The latest version of GWASLab now supports Python 3.9, 3.10, 3.11, and 3.12.

```bash
pip install gwaslab
```

### install in conda environment

Create a Python 3.9, 3.10, 3.11 or 3.12 environment and install gwaslab using pip:

```bash
conda env create -n gwaslab -c conda-forge python=3.12

conda activate gwaslab

pip install gwaslab
```

or create a new environment using yml file [environment.yml](https://github.com/Cloufield/gwaslab/blob/main/environment.yml)

```bash
conda env create -n gwaslab -f environment.yml
```

### install using docker (deprecated)

A docker file is available [here](https://github.com/Cloufield/gwaslab/blob/main/docker/Dockerfile) for building local images.

## Quick start

```python

import gwaslab as gl

# load plink2 output
mysumstats = gl.Sumstats("sumstats.txt.gz", fmt="plink2")

# or load sumstats with auto mode (auto-detecting commonly used headers) 
# assuming ALT/A1 is EA, and frq is EAF
mysumstats = gl.Sumstats("sumstats.txt.gz", fmt="auto")
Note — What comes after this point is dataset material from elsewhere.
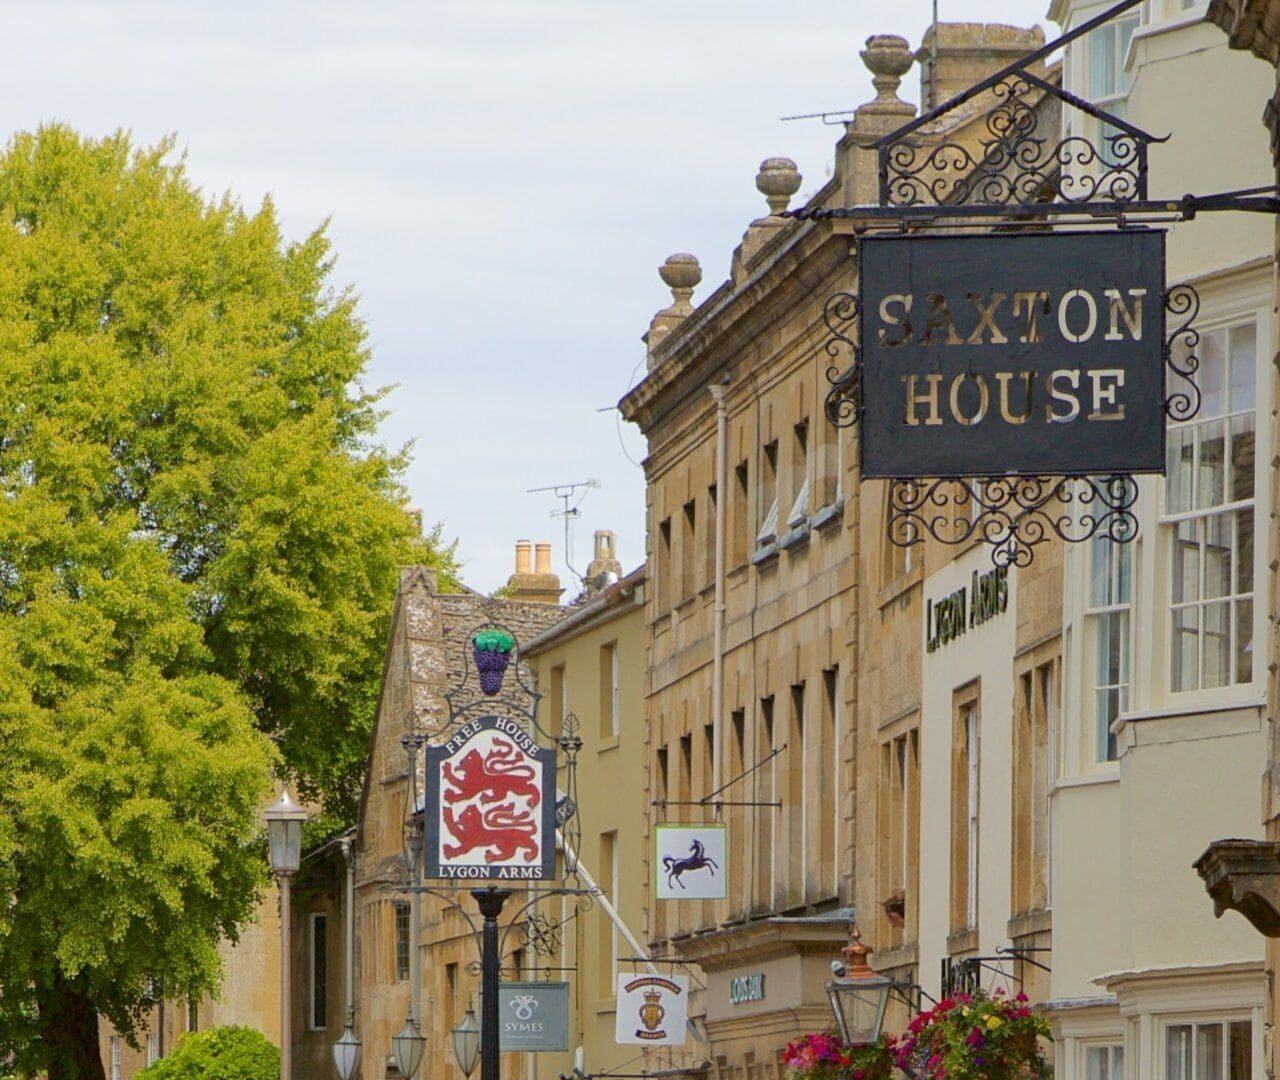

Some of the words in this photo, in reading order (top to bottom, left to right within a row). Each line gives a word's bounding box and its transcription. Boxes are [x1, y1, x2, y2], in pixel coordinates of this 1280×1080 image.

# or you can specify the columns:
mysumstats = gl.Sumstats("sumstats.txt.gz",
             snpid="SNP",
             chrom="CHR",
             pos="POS",
             ea="ALT",
             nea="REF",
             eaf="Frq",
             beta="BETA",
             se="SE",
             p="P",
             direction="Dir",
             n="N",
             build="19")

# manhattan and qq plot
mysumstats.plot_mqq()
...
```

## Documentation and tutorials

Documentation and tutorials for GWASLab are avaiable at [here](https://cloufield.github.io/gwaslab/).

## Functions

### Loading and Formatting

- Loading sumstats by simply specifying the software name or format name, or specifying each column name.
- Converting GWAS sumstats to specific formats:
  - LDSC / MAGMA / METAL / PLINK / SAIGE / REGENIE / MR-MEGA / GWAS-SSF / FUMA / GWAS-VCF / BED... 
  - [check available formats](https://github.com/Cloufield/formatbook)
- Optional filtering of variants in commonly used genomic regions: Hapmap3 SNPs / High-LD regions / MHC region 
 
### Standardization & Normalization

- Variant ID standardization
- CHR and POS notation standardization
- Variant POS and allele normalization
- Genome build : Inference and Liftover 

### Quality control, Value conversion & Filtering

- Statistics sanity check
- Extreme value removal
- Equivalent statistics conversion
    - BETA/SE , OR/OR_95L/OR_95U
    - P, Z, CHISQ, MLOG10P
- Customizable value filtering

###  Harmonization

- rsID assignment based on CHR, POS, and REF/ALT
- CHR POS assignment based on rsID using a reference text file
- Palindromic SNPs and indels strand inference using a reference VCF
- Check allele frequency discrepancy using a reference VCF
- Reference allele alignment using a reference genome sequence FASTA file

### Visualization

- Mqq plot: Manhattan plot, QQ plot or MQQ plot (with a bunch of customizable features including auto-annotate nearest gene names)
- Miami plot: mirrored Manhattan plot
- Brisbane plot:  GWAS hits density plot
- Regional plot: GWAS regional plot
- Genetic correlation heatmap: ldsc-rg genetic correlation matrix
- Scatter plot: variant effect size comparison
- Scatter plot: allele frequency comparison 
- Scatter plot: trumpet plot (plot of MAF and effect size with power lines)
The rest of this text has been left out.